De forma entusiástica, José Firmo escreve na Folha da Serra sobre a abertura de espaço ao tema da educação sexual, com a inclusão de novos sentidos e novas sensibilidades propostos pelo CBES. Firmo expõe que “[...] ha apenas alguns mezesatraz [...] o ambiente, si não era absolutamente hostil, era, pelo menos, indiferente á idéa”. Antes do CBES “[...] ninguém tinha a coragem de pronunciar com o mesmo timbre de voz, com que entabolava as suas palestras habituais, nada que se referisse ao sexo”. Entretanto, o início dos anos 1930 passava por vários ‘avanços’ nesse quesito: “Vencemos todas as etapas iniciais, destruindo as sentenças pessimistas dos que previam o nosso fracasso, agarrados às superstições” (Firmo,1933, p. 7).
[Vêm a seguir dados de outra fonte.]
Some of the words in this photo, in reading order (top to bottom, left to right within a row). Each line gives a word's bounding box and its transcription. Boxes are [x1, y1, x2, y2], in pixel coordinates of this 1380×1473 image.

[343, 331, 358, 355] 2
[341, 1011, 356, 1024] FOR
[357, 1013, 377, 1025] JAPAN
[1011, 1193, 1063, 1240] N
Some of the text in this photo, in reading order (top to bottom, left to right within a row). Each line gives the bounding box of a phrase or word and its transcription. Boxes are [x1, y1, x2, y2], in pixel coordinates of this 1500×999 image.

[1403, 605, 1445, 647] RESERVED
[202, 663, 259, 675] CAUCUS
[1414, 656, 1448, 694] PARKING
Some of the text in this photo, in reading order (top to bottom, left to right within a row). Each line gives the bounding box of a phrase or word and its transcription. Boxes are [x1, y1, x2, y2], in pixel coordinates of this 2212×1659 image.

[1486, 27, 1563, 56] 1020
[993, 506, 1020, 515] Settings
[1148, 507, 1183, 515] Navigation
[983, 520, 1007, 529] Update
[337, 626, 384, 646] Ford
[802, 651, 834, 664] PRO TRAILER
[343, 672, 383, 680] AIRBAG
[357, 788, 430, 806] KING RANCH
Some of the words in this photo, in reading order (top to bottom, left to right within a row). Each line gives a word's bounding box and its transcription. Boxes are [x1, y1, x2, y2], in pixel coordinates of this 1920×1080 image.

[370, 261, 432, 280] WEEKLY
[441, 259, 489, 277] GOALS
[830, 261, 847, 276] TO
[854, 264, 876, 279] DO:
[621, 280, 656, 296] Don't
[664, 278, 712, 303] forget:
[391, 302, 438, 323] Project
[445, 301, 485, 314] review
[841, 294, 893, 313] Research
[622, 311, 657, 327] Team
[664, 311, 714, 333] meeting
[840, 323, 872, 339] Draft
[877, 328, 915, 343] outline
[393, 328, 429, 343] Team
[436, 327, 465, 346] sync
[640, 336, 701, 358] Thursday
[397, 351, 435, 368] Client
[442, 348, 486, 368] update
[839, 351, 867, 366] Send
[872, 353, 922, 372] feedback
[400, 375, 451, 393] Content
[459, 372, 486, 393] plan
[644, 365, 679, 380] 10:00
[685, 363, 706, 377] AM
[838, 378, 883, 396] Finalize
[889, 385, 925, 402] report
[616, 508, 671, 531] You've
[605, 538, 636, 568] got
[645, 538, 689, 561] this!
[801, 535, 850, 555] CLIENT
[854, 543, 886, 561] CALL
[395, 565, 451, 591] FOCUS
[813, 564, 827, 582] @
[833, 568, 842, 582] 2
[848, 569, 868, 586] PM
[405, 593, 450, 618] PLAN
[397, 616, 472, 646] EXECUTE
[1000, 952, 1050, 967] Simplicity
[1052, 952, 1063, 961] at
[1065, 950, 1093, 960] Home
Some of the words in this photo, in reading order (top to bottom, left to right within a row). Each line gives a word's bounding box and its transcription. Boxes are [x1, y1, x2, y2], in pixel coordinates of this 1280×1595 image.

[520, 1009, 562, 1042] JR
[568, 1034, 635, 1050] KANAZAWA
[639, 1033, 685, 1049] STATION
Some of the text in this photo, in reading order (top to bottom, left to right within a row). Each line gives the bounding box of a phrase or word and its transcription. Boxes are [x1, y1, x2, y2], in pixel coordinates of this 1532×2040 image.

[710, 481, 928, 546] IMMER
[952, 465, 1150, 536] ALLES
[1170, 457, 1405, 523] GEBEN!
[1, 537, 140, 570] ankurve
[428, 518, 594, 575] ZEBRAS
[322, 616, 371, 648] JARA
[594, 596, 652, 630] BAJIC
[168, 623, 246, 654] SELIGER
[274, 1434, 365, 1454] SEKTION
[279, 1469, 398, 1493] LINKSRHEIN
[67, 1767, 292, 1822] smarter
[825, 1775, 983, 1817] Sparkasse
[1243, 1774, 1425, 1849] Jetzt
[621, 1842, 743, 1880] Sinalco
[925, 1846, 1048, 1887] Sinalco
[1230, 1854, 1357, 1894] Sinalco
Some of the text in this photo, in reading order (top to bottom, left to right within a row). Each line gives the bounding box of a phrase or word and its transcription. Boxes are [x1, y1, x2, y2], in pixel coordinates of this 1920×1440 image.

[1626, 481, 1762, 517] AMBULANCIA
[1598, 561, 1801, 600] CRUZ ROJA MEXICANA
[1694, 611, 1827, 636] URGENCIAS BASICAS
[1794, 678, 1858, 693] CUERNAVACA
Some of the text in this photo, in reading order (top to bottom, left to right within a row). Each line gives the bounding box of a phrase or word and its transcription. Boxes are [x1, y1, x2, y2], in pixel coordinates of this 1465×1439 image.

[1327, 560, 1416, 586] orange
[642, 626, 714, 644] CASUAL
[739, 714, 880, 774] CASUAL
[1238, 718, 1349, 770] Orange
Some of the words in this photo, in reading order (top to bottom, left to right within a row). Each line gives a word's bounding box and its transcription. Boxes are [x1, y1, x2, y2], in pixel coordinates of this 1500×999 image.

Contudo, apesar dos discursos de satisfação pela abertura social em relação à temática, após algumas publicações sobre educação sexual na Folha da Serra, o jornalista e polemista cuiabano, José Nonato, faz uma crítica enfática à revista, indagando porque seu editor, Aguinaldo Trouy, permitiu que o tema da sexualidade - “[...] praga transplantada da Europa e da América do Norte, dessas sociedades em franca dissolução [...]” - tivesse espaço em seu periódico, com excertos “[...]que ferem a sensibilidade das nossas patrícias, e que tem por fim materialisal-as, animalisal-as, embrutecel-as”:
Deixemos a sós o Dr. José de Albuquerque e os seus companheiros empenhados nessa obra má de corrupção da moral social brasileira, investindo, assim, de lança em riste contra o pudor, couraça natural com que a Providencia preserva a mulher da prostituição. Não; não auxiliemos esses inovadores, operários da corrupção da moralidade, base da família, alicerce da Patria (Nonato,1934, p. 8).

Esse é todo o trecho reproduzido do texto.